É claro que nem toda essa tecnologia precisa ser exclusiva dos pneus sem ar. E nem todos os fabricantes estão convencidos de que os NPTs são o futuro.
“No momento, acreditamos que os pneumáticos são a melhor opção para a maioria dos veículos”, segundo Denise Sperl, diretora de pesquisa e desenvolvimento de pneus automotivos do fabricante alemão Continental.
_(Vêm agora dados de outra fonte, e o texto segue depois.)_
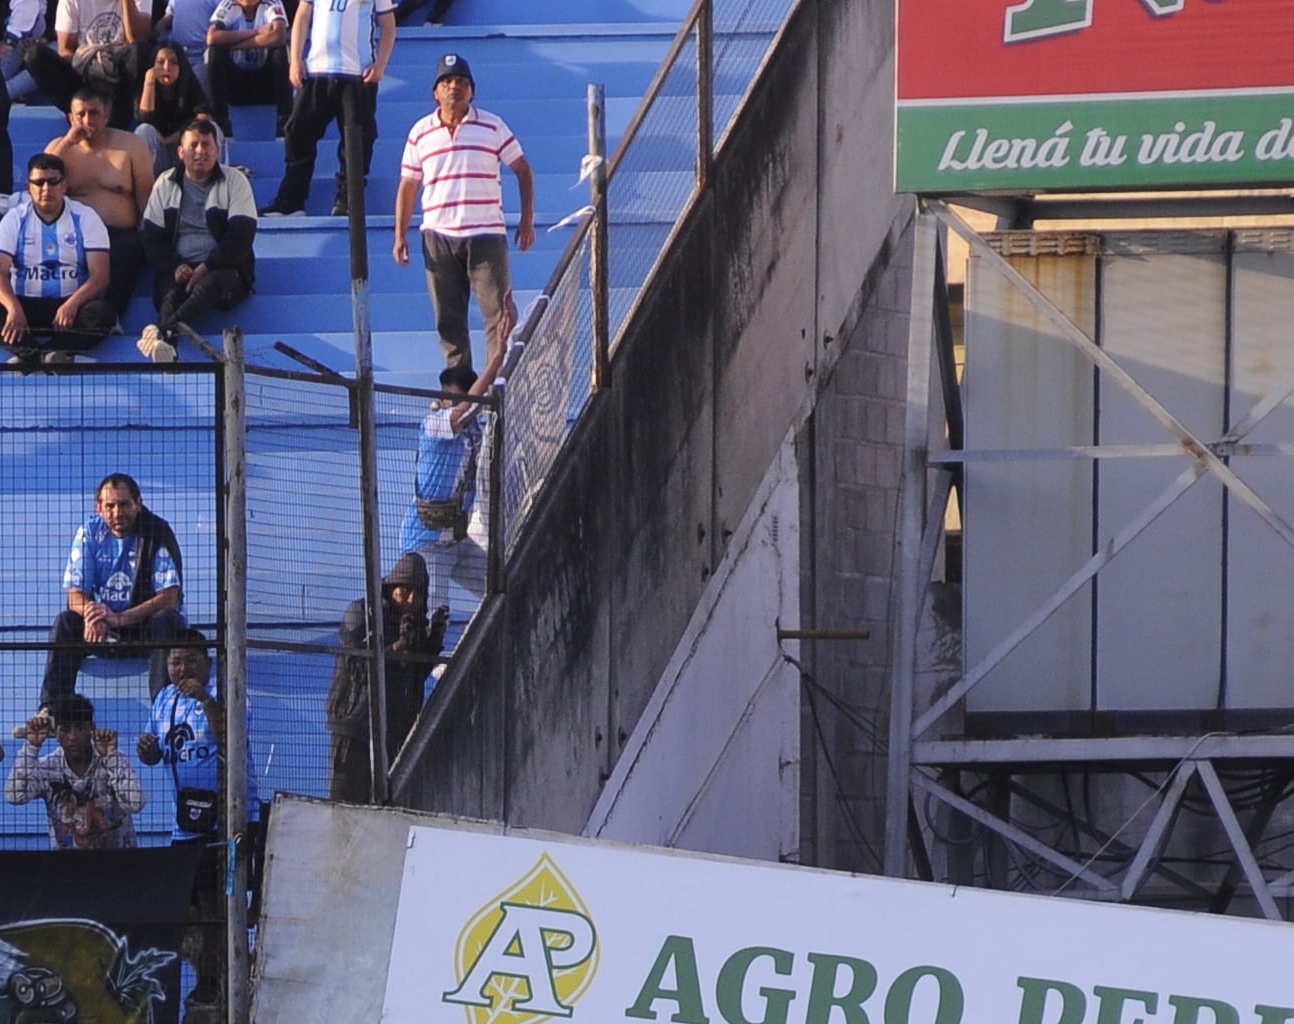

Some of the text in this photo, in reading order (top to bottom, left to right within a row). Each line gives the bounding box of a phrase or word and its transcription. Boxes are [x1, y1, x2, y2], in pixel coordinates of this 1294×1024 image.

[937, 117, 1294, 170] Llená tu vida d
[25, 266, 79, 281] Macro
Os pneus sempre precisarão “atender simultaneamente diversas exigências de segurança, conforto, desempenho e sustentabilidade” e a borracha a ar permanece sendo o melhor consenso, segundo Sterl. A Continental está desenvolvendo um sistema autoinflado, com bombas e sensores nas rodas que ajudam a manter a pressão nos níveis ideais.
Como todos os fabricantes, a companhia alemã está procurando produtos “mais verdes”. Poliéster de garrafas plásticas recicladas será usado em breve nos seus pneus de qualidade superior. E a Continental e a Goodyear estão pesquisando um tipo de planta dente-de-leão que produz látex similar às seringueiras.
Mas as alternativas sustentáveis aos materiais convencionais são disponíveis apenas “de forma limitada”, segundo Sperl. Há uma razão para os pneumáticos serem usados por tanto tempo: eles funcionam melhor. “Seguimos convencidos disso”, conclui ela.